Data shown ▸

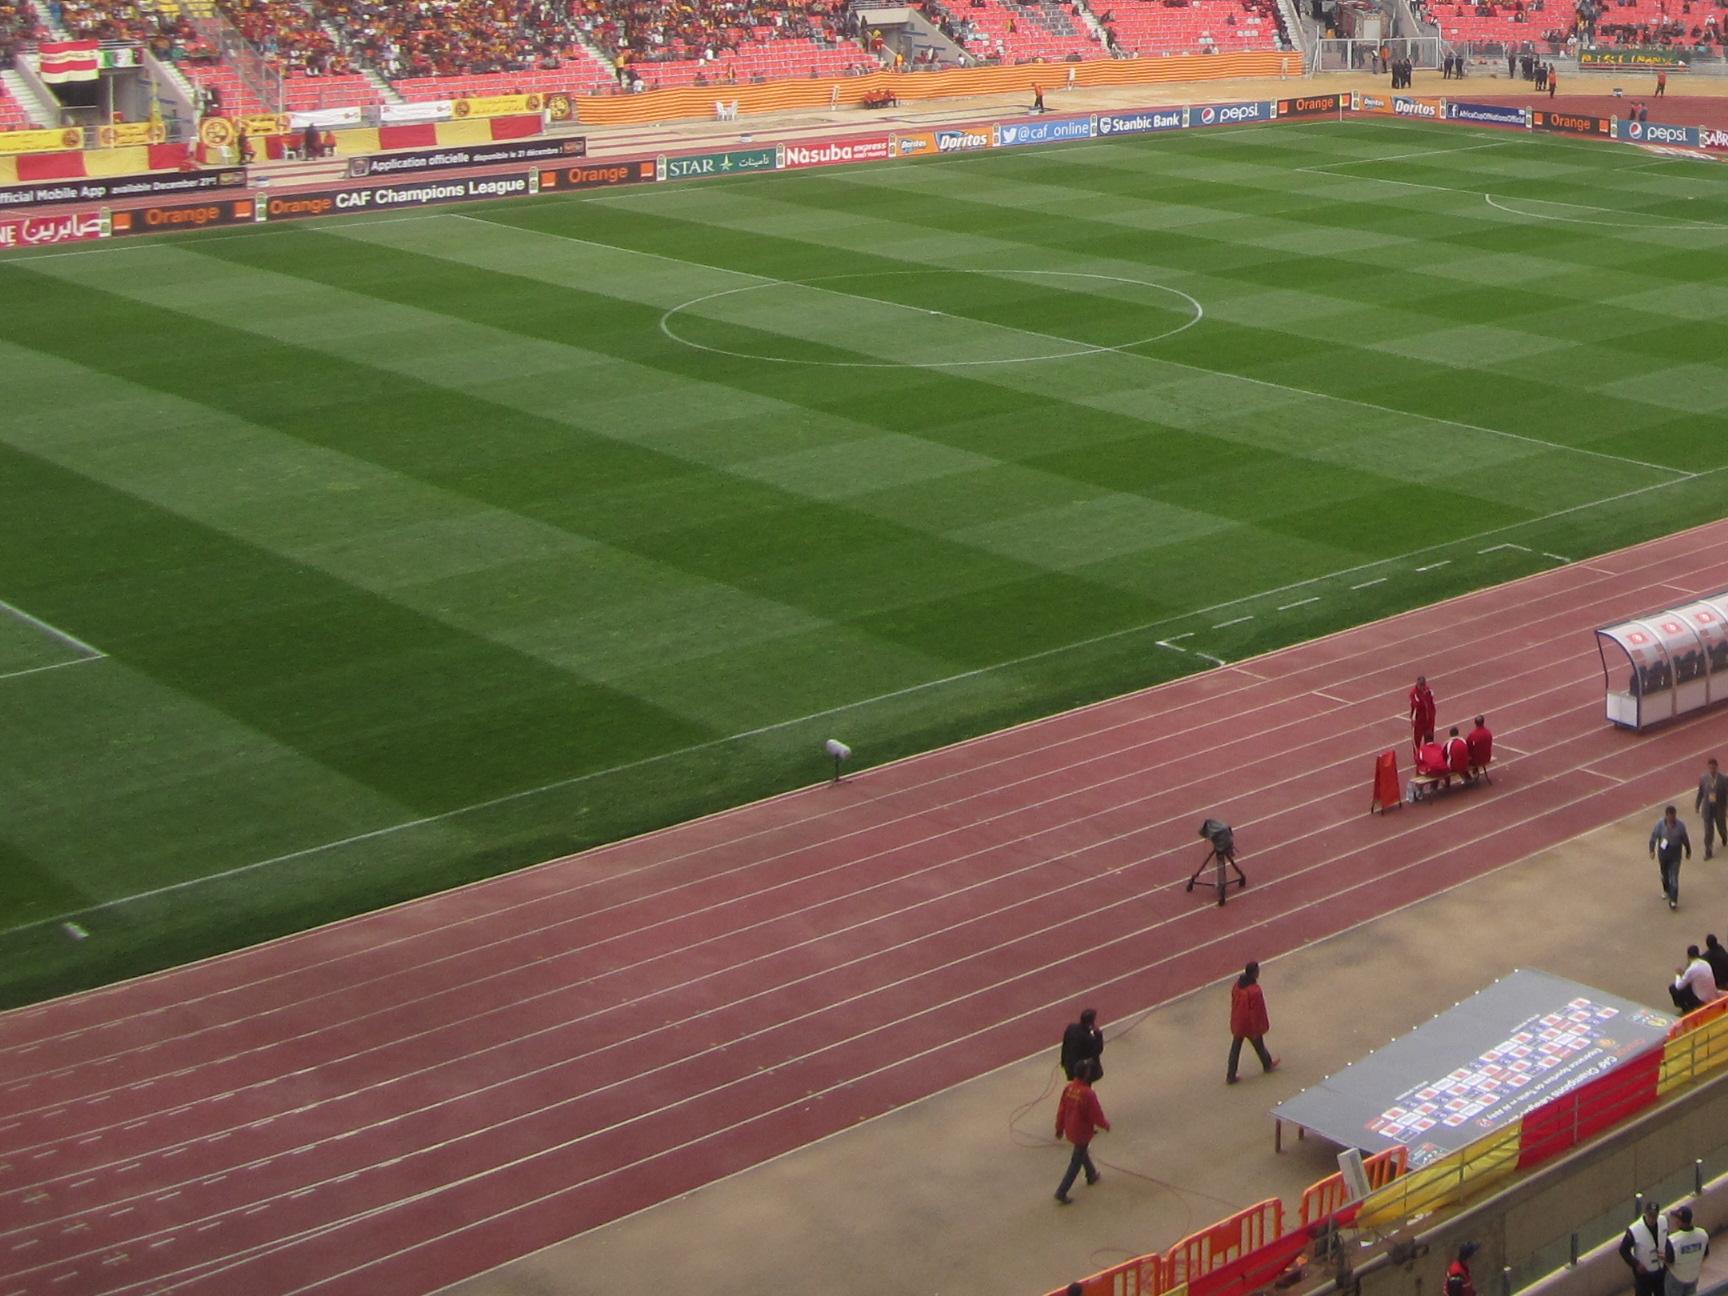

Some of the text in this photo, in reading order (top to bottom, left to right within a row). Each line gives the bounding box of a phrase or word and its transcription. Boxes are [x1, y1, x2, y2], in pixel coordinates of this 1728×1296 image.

[1220, 103, 1258, 122] pepsi
[1296, 97, 1334, 111] Orange
[1395, 100, 1436, 116] Doritos
[1017, 119, 1089, 141] @caf_online
[1112, 112, 1180, 132] Stanbic Bank
[1551, 114, 1591, 132] Orange
[939, 131, 987, 150] Doritos
[1647, 126, 1687, 143] pepsi
[370, 157, 427, 172] Application
[429, 152, 469, 166] officielle
[669, 159, 715, 176] STAR
[568, 166, 629, 183] Orange
[36, 187, 78, 201] Mobile
[81, 186, 106, 198] App
[270, 177, 525, 214] Orange CAF Champions League
[146, 206, 220, 225] Orange
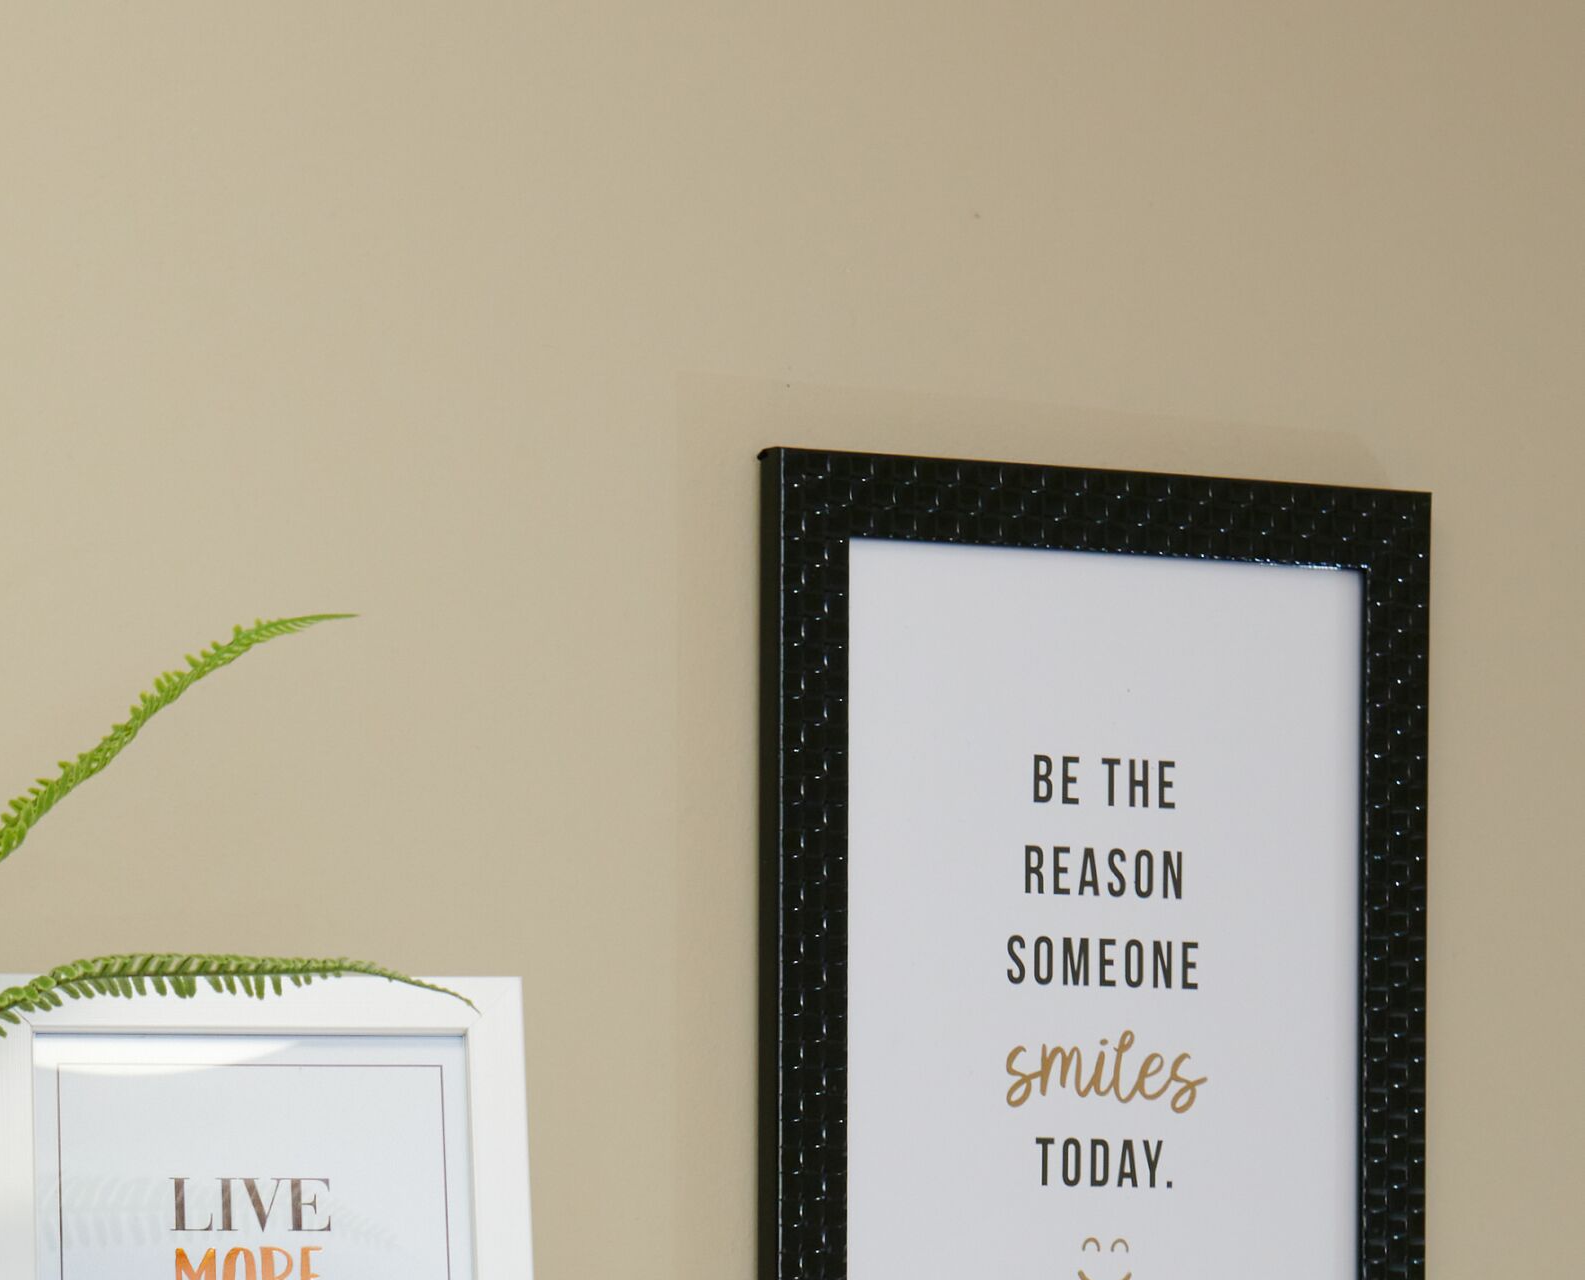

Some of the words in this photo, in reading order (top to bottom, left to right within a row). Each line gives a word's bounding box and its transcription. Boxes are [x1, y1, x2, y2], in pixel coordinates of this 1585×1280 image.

[1033, 753, 1080, 805] BE
[1101, 758, 1176, 809] THE
[1023, 844, 1184, 900] REASON
[1006, 935, 1200, 990] SOMEONE
[1005, 1029, 1209, 1114] smiles
[1035, 1137, 1174, 1189] TODAY.
[169, 1176, 332, 1233] LIVE
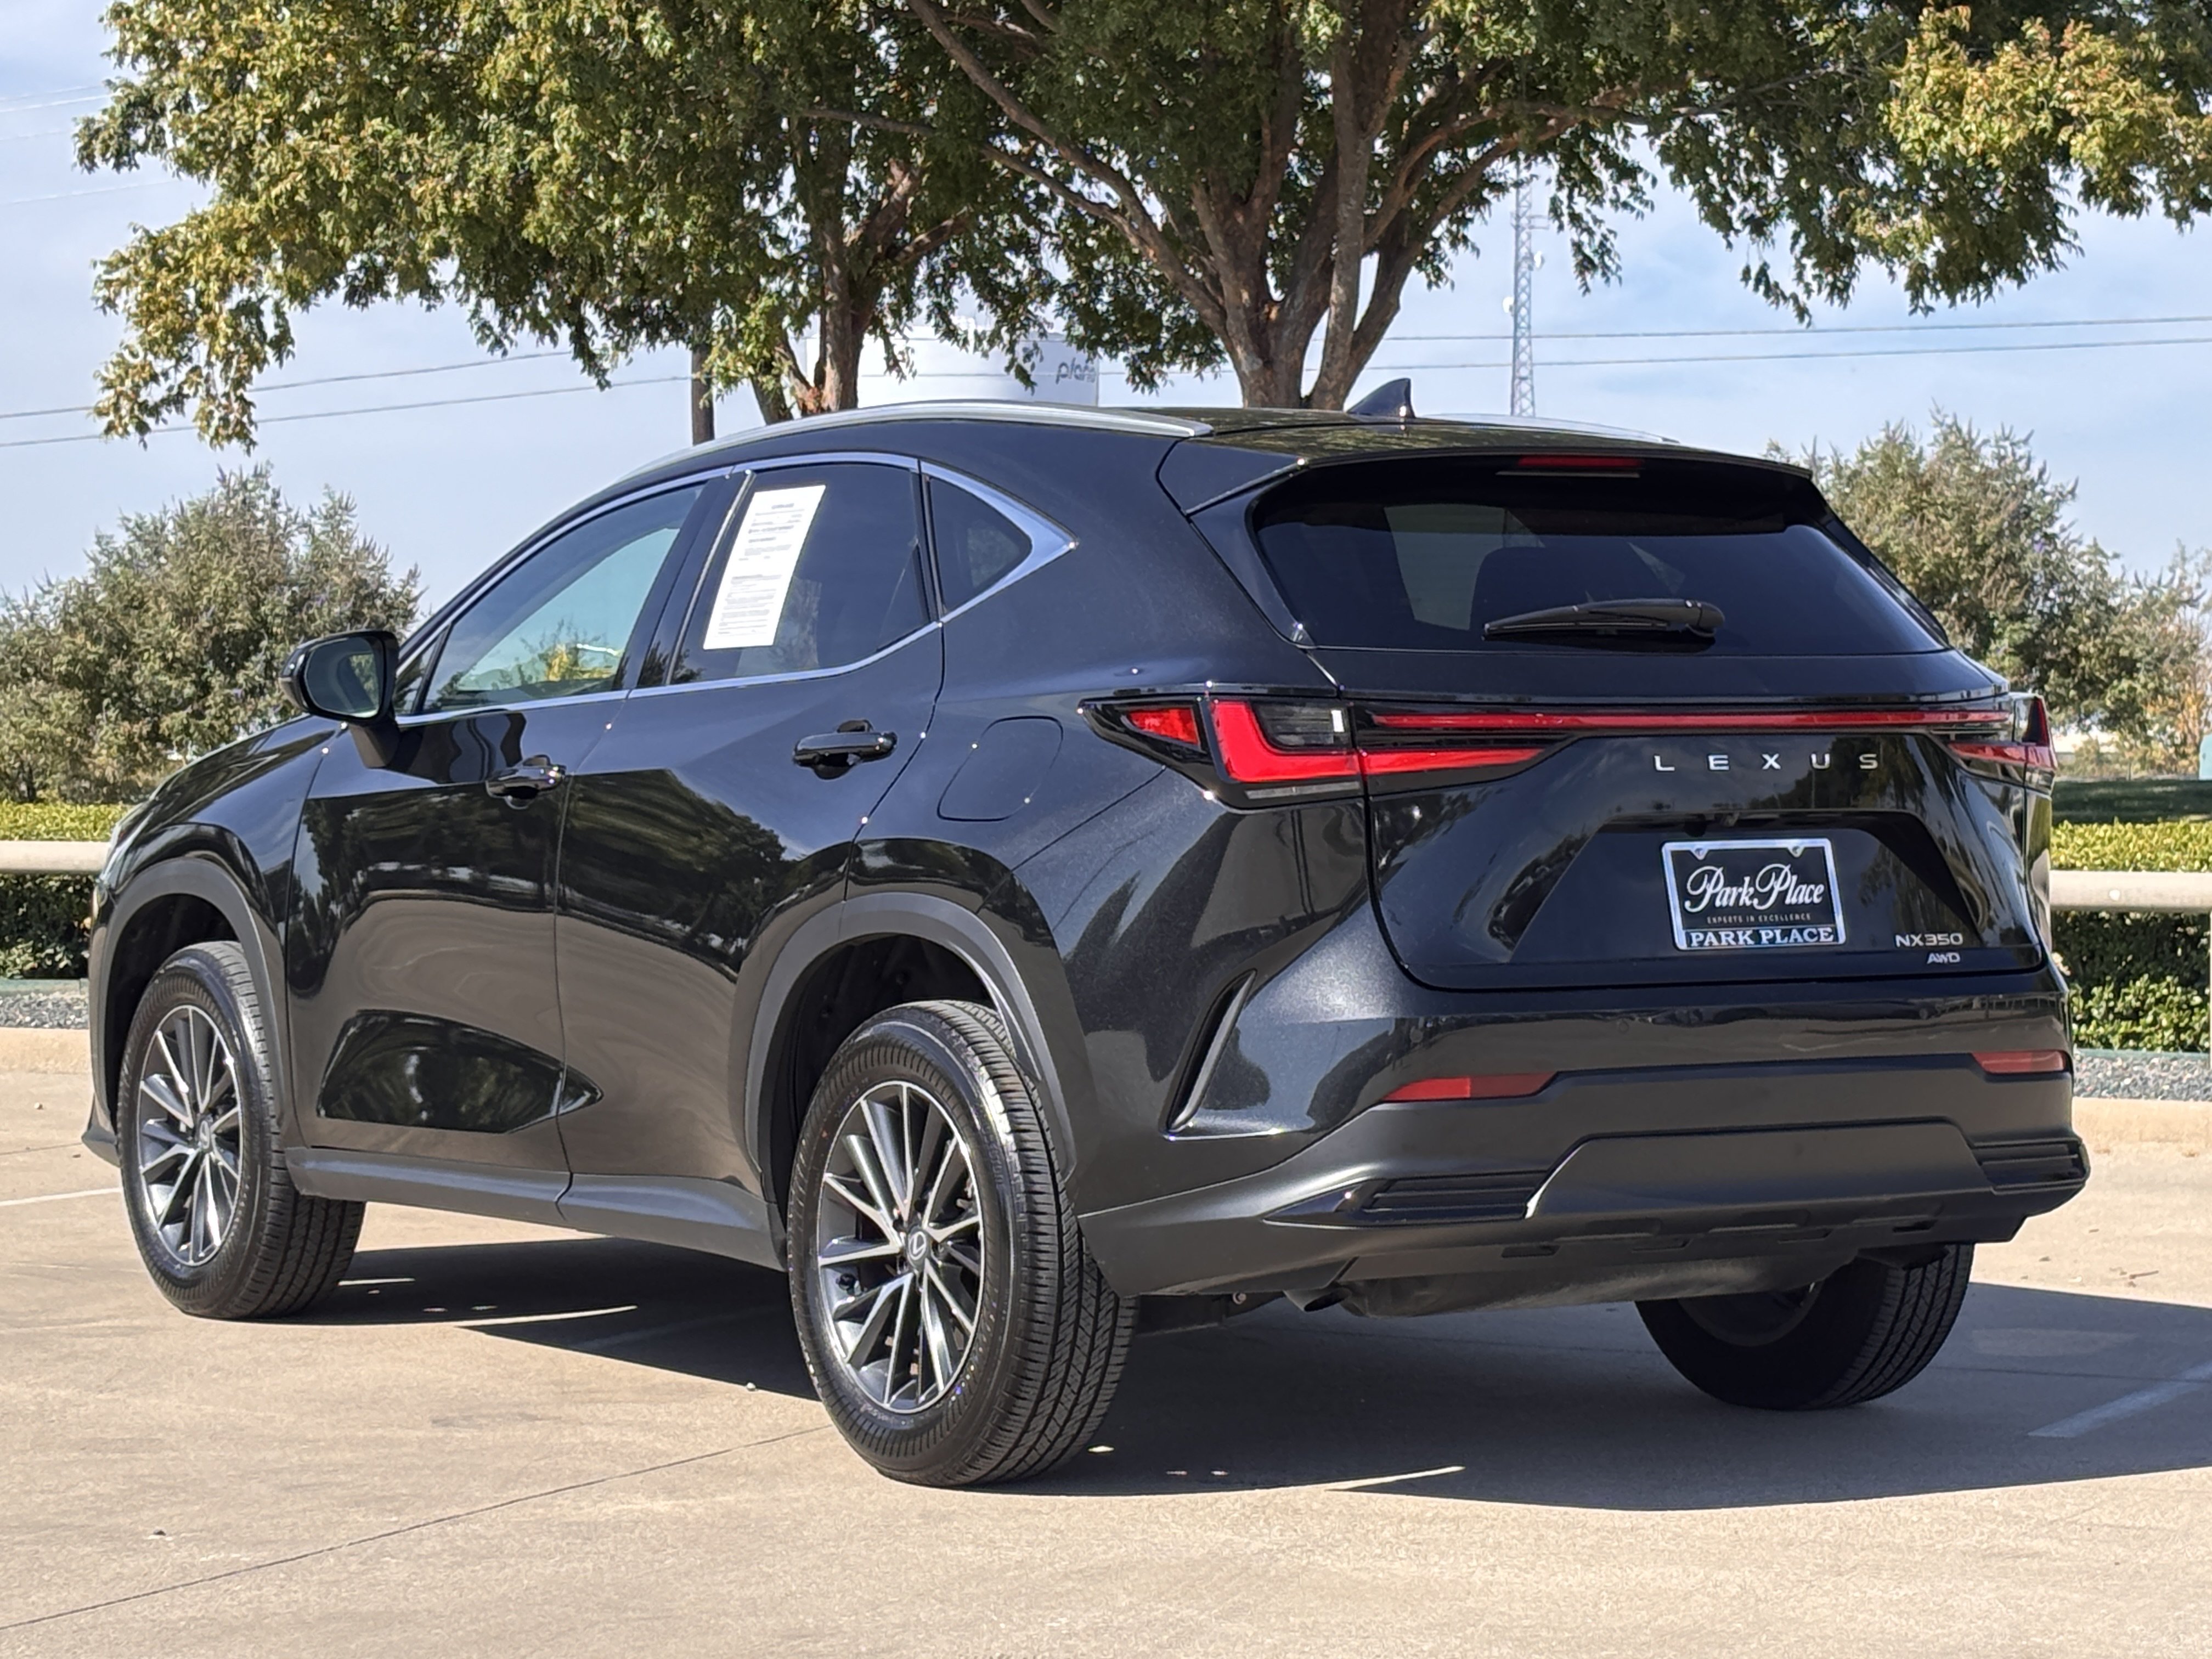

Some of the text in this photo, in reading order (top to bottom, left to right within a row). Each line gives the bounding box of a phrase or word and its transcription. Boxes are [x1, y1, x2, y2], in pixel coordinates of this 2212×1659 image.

Work task ▸ Return the listing above verbatim and exclude every picture.

Exercise answer ▸
Some of the text in this photo, in reading order (top to bottom, left to right within a row). Each line gives the bounding box of a phrase or word and its transcription. Boxes are [x1, y1, x2, y2], in pixel coordinates of this 1728×1296 image.

[1220, 103, 1258, 122] pepsi
[1296, 97, 1334, 111] Orange
[1395, 100, 1436, 116] Doritos
[1017, 119, 1089, 141] @caf_online
[1112, 112, 1180, 132] Stanbic Bank
[1551, 114, 1591, 132] Orange
[939, 131, 987, 150] Doritos
[1647, 126, 1687, 143] pepsi
[370, 157, 427, 172] Application
[429, 152, 469, 166] officielle
[669, 159, 715, 176] STAR
[568, 166, 629, 183] Orange
[36, 187, 78, 201] Mobile
[81, 186, 106, 198] App
[270, 177, 525, 214] Orange CAF Champions League
[146, 206, 220, 225] Orange

Some of the words in this photo, in reading order (top to bottom, left to right within a row). Each line gives a word's bounding box and its transcription. Boxes are [x1, y1, x2, y2], in pixel coordinates of this 1585×1280 image.

[1033, 753, 1080, 805] BE
[1101, 758, 1176, 809] THE
[1023, 844, 1184, 900] REASON
[1006, 935, 1200, 990] SOMEONE
[1005, 1029, 1209, 1114] smiles
[1035, 1137, 1174, 1189] TODAY.
[169, 1176, 332, 1233] LIVE

Some of the text in this photo, in reading order (top to bottom, left to right within a row). Each line gives the bounding box of a phrase or word and its transcription. Boxes are [x1, y1, x2, y2], in pixel coordinates of this 2212×1659 image.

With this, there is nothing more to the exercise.